Since the disclosure of the PRISM program, I have thought about a letter the industry group for some of the biggest and earliest PRISM participants — Google, Microsoft, and Yahoo — wrote to then House Judiciary Chair John Conyers during the 2008 debate on FISA Amendments Act. (The screen capture reflects a partial list of members from 2009.)
Remarkably, the letter strongly condemned the effort to grant companies that had broke the law under Bush’s illegal wiretap program immunity.
The Computer & Communications Industry Association (CCIA) strongly opposes S. 2248, the “FISA Amendments Act of 2007,” as passed by the Senate on February 12, 2008. CCIA believes that this bill should not provide retroactive immunity to corporations that may have participated in violations of federal law. CCIA represents an industry that is called upon for cooperation and assistance in law enforcement.

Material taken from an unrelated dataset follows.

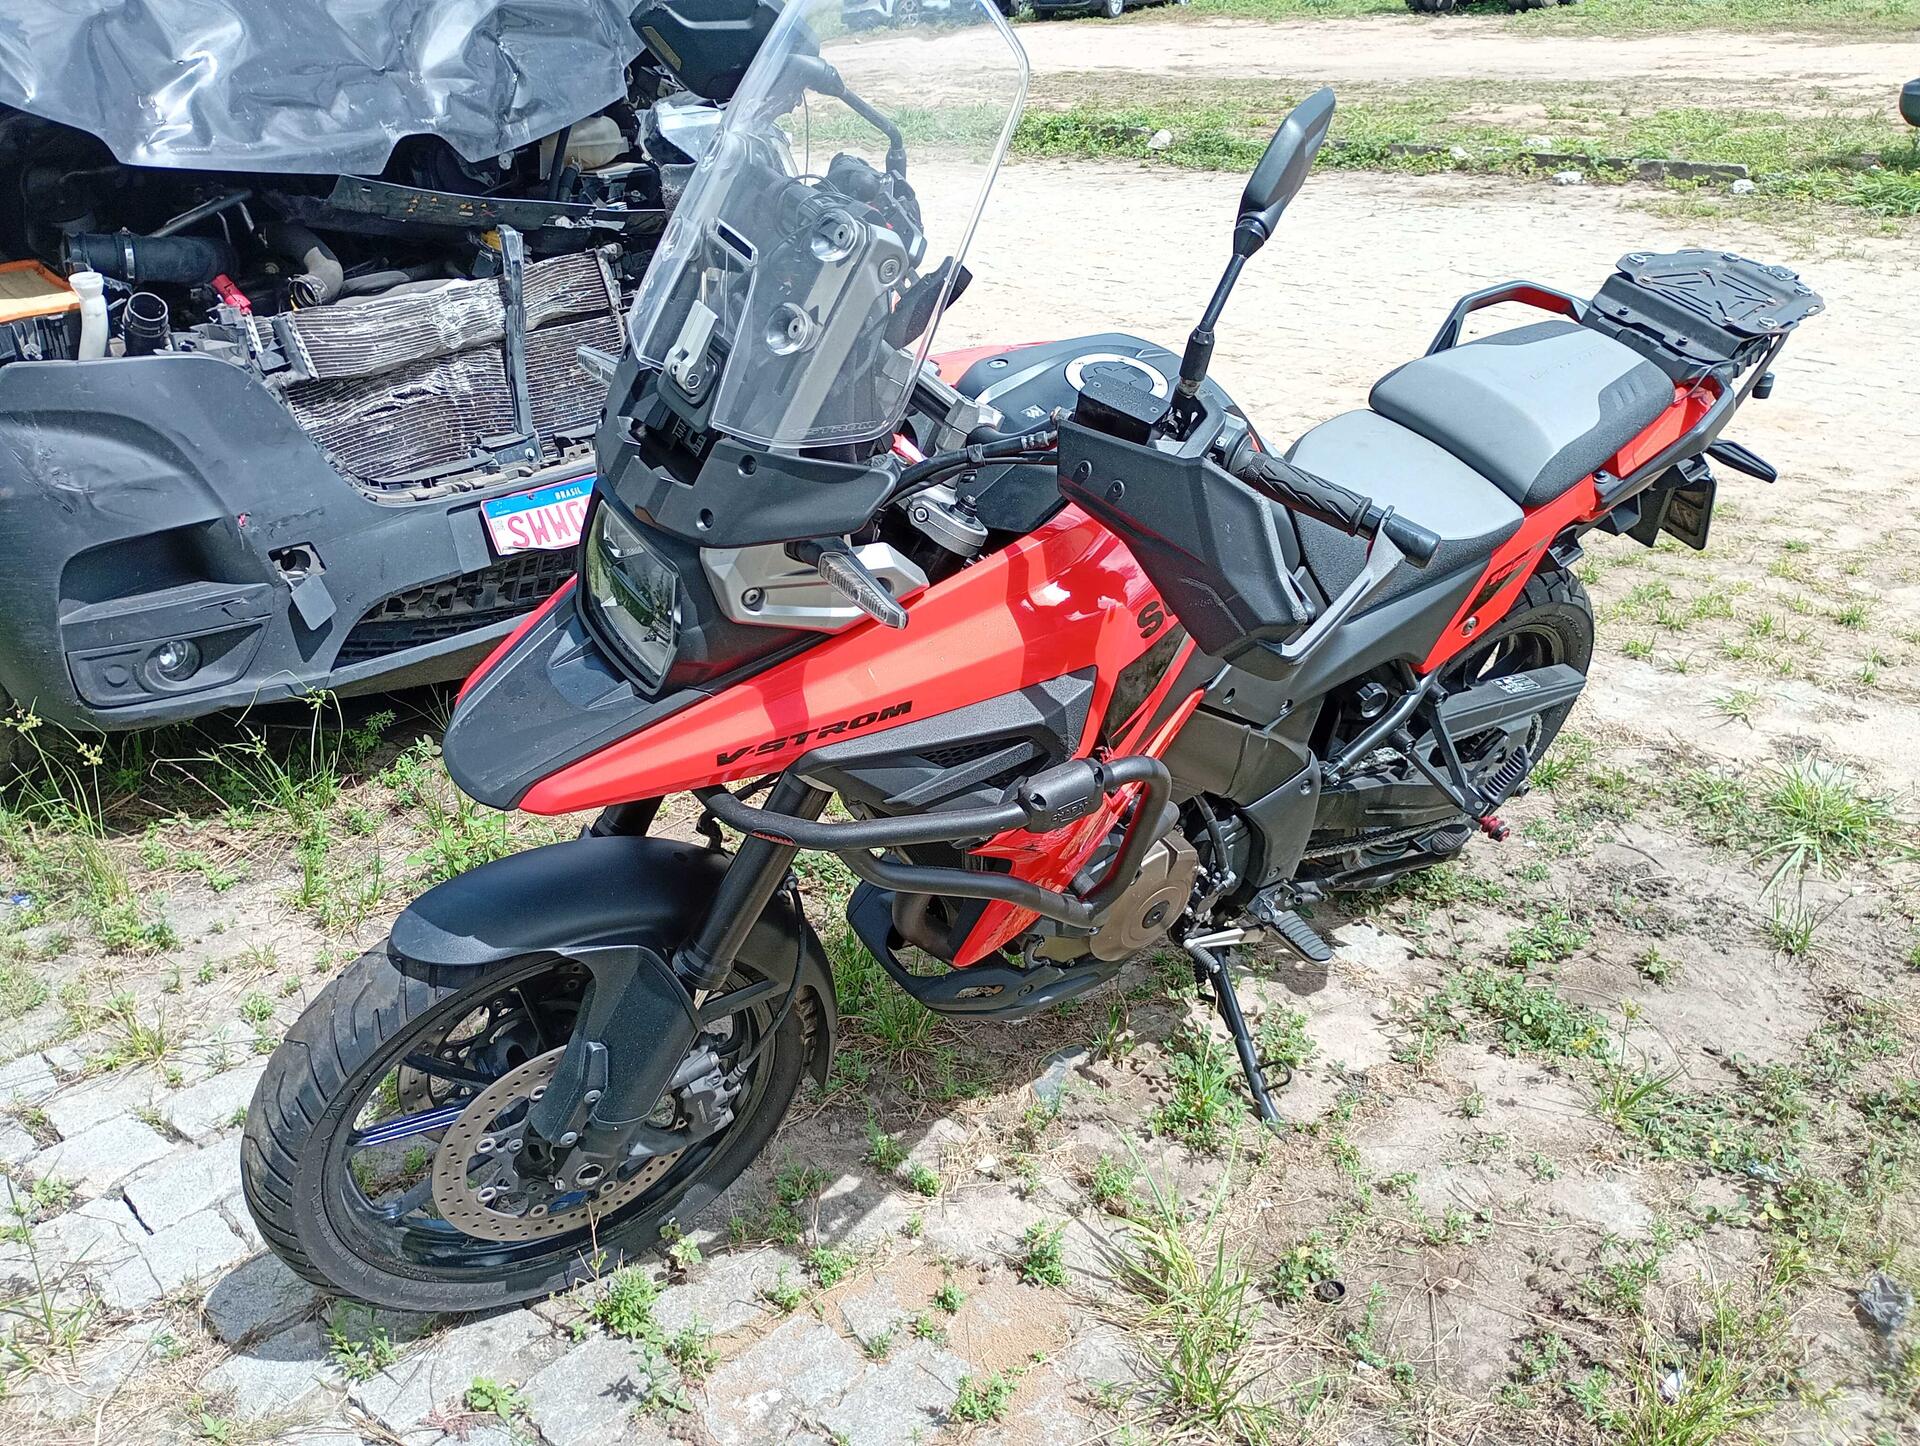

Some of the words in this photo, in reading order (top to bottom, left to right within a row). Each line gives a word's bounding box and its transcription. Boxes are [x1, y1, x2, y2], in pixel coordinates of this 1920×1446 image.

[554, 486, 583, 500] BRASIL
[507, 497, 590, 547] SWW0
[716, 700, 913, 767] V-STROM

To act with speed in times of crisis, our industry needs clear rules, not vague promises that the U.S. Government can be relied upon to paper over Constitutional transgressions after the fact.
CCIA dismisses with contempt the manufactured hysteria that industry will not aid the United States Government when the law is clear. As a representative of industry, I find that suggestion insulting. To imply that our industry would refuse assistance under established law is an affront to the civic integrity of businesses that have consistently cooperated unquestioningly with legal requests for information. This also conflates the separate questions of blanket retroactive immunity for violations of law, and prospective immunity, the latter of which we strongly support.

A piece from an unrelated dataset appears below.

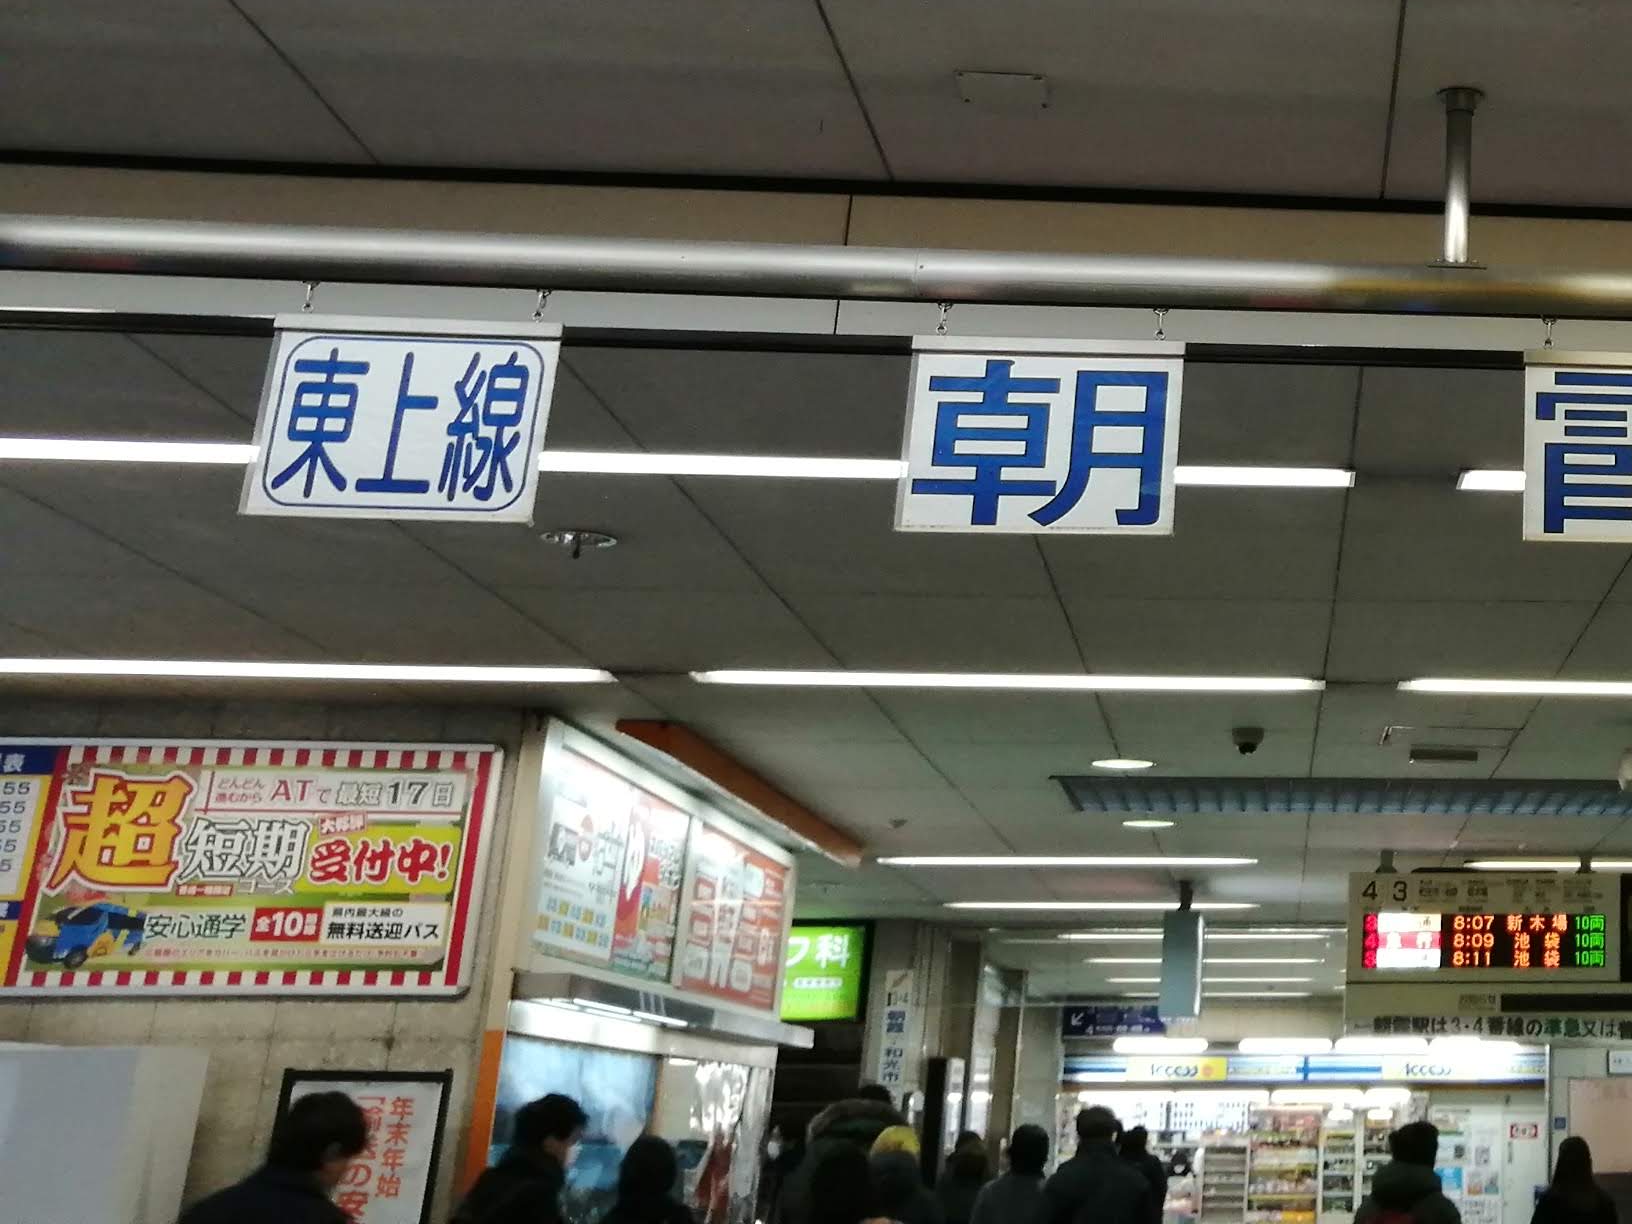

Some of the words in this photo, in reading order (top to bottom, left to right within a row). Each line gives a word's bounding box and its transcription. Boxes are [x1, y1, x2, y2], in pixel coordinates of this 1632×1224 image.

Therefore, CCIA urges you to reject S. 2248. America will be safer if the lines are bright. The perpetual promise of bestowing amnesty for any and all misdeeds committed in the name of security will condemn us to the uncertainty and dubious legalities of the past. Let that not be our future as well. [my emphasis]
Microsoft, Yahoo, and Google all joined PRISM within a year of the date of the February 29, 2008 letter (Microsoft had joined almost six months before, Google would join in January 2009).
Clearly, the demand that the companies that broke the law not receive retroactive immunity suggests none of the members had done so. It further suggests that those companies that did break the law — the telecoms, at a minimum — had done something the email providers wanted them held accountable for. This suggests, though doesn’t prove, that before PRISM, the government may have accessed emails from these providers by taking packets from telecom switches, rather than obtaining the data from the providers themselves.
Google had also fought a DOJ subpoena in 2006 for a million URLs and search terms, purportedly in the name of hunting child pornographers.
And those of us who follow this subject have always speculated (with some support from sources) that the plaintiff in a 2007 FISA Court challenge to a Protect America Act (the precursor to FISA Amendments Act) was an email provider.
All of those details suggest, at the very least, that email providers (unlike telecoms, which we know were voluntarily giving over data shortly after 9/11) fought government efforts to access their data.
But it also suggests that the email providers may have treated PRISM as a less worse alternative than the government accessing their data via other means (which is a threat the government used to get banks to turn over SWIFT data, too).
It seems likely the way the government “negotiates” getting data companies to willingly turn over their data is to steal it first.